• [Exercise]:
Produce an exact copy of all the data below, dropping every image.

^^^^

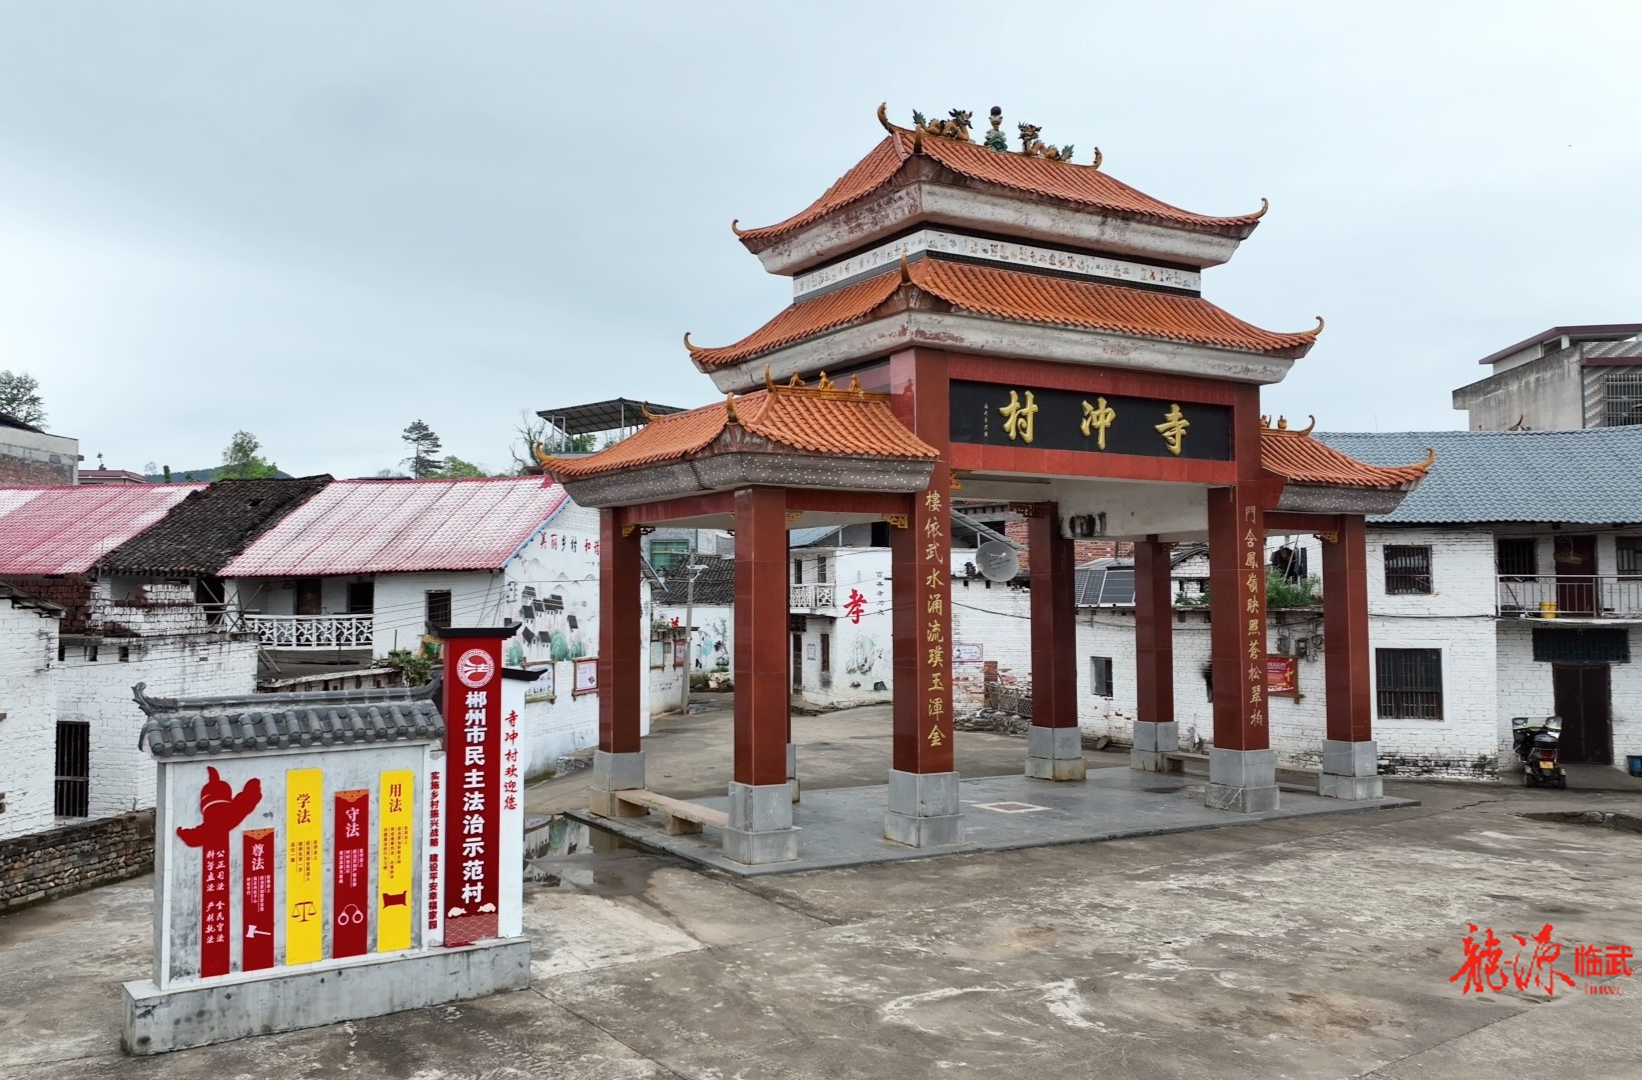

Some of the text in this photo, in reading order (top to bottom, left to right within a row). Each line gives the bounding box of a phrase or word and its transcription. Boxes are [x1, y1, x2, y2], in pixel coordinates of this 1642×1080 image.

[999, 390, 1190, 457] 寺冲村
[843, 588, 867, 624] 孝
[504, 710, 519, 810] 寺冲村欢迎您
[296, 793, 311, 825] 学法
[389, 783, 403, 813] 用法
[461, 691, 487, 904] 郴州市民主法治示范村
[345, 807, 360, 838] 守法
[251, 843, 265, 871] 尊法
[428, 772, 440, 930] 实施乡村振兴战略 建设平安幸福家园
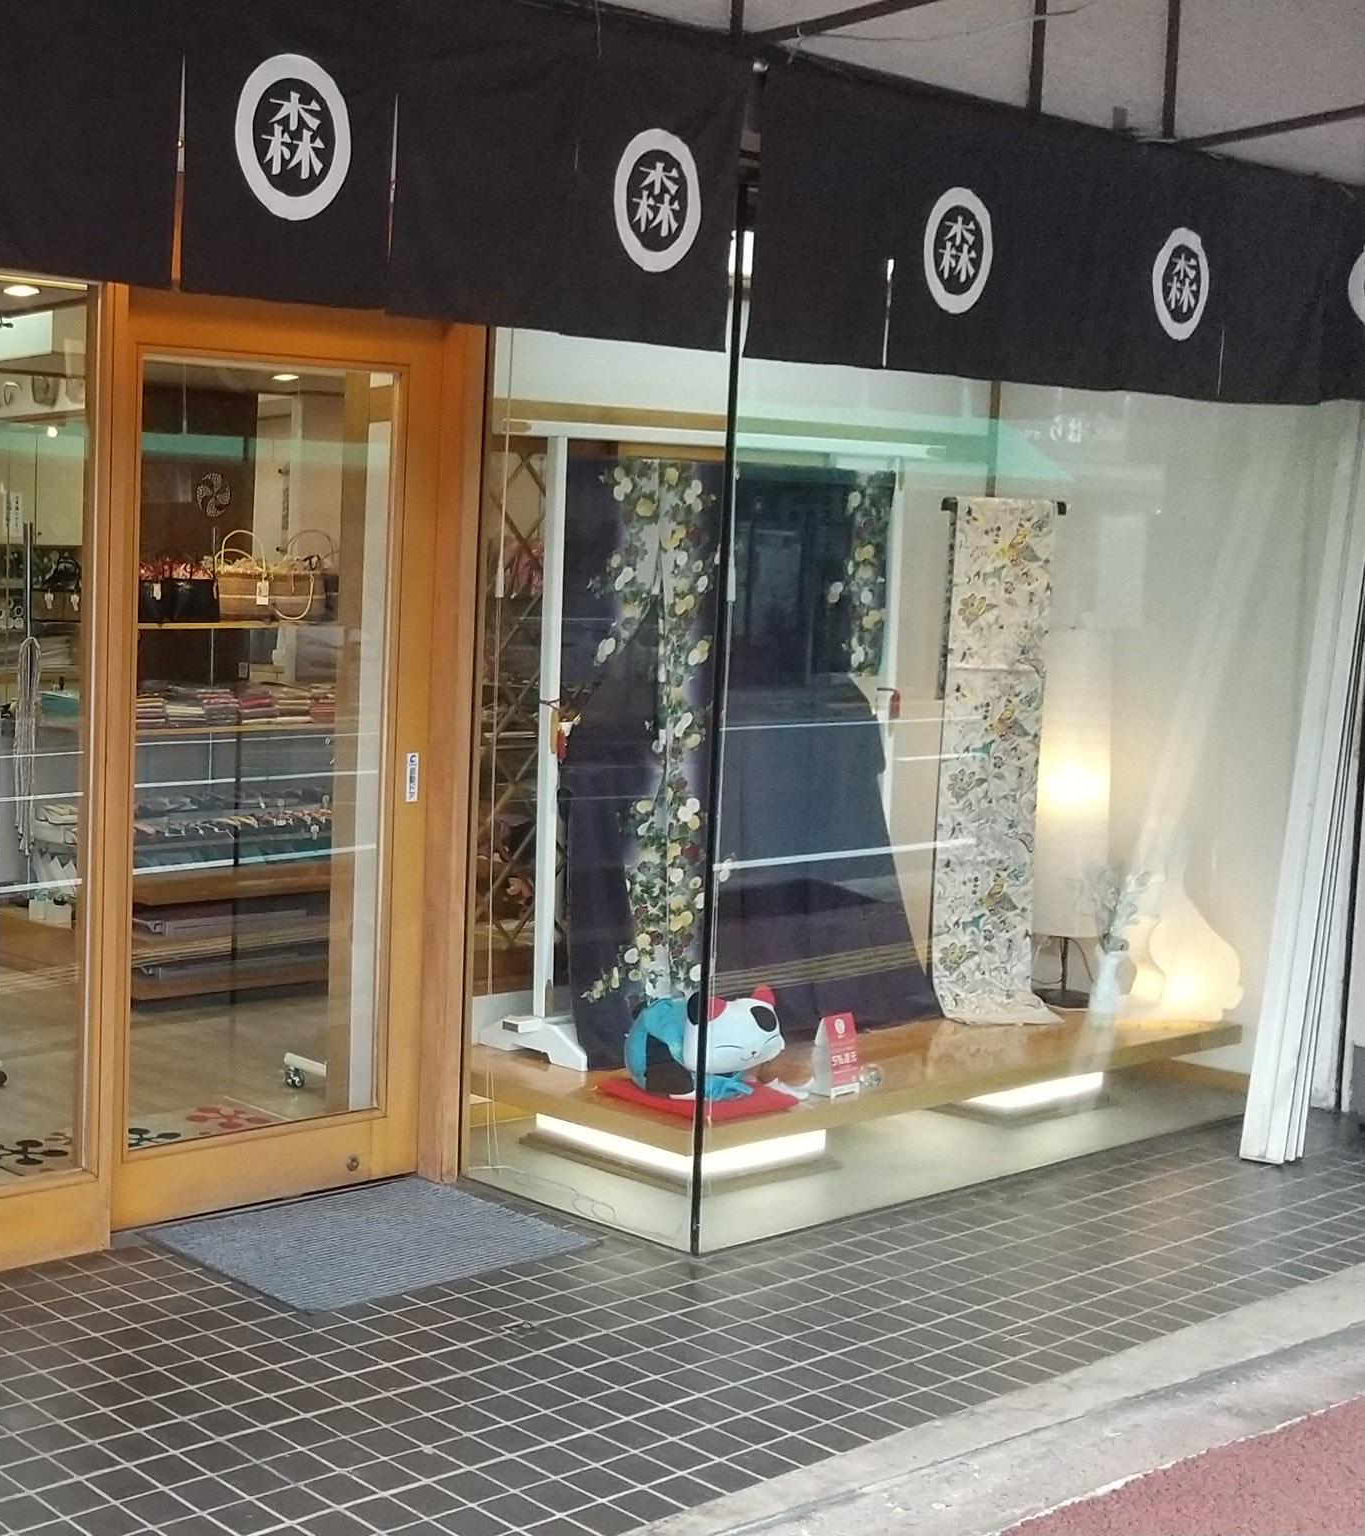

^^^^

• [Result of this exercise]:
Some of the text in this photo, in reading order (top to bottom, left to right within a row). Each line gives the bounding box of a phrase or word and its transcription. Boxes are [x1, y1, x2, y2], in pixel coordinates of this 1642×1080 image.

[999, 390, 1190, 457] 寺冲村
[843, 588, 867, 624] 孝
[504, 710, 519, 810] 寺冲村欢迎您
[296, 793, 311, 825] 学法
[389, 783, 403, 813] 用法
[461, 691, 487, 904] 郴州市民主法治示范村
[345, 807, 360, 838] 守法
[251, 843, 265, 871] 尊法
[428, 772, 440, 930] 实施乡村振兴战略 建设平安幸福家园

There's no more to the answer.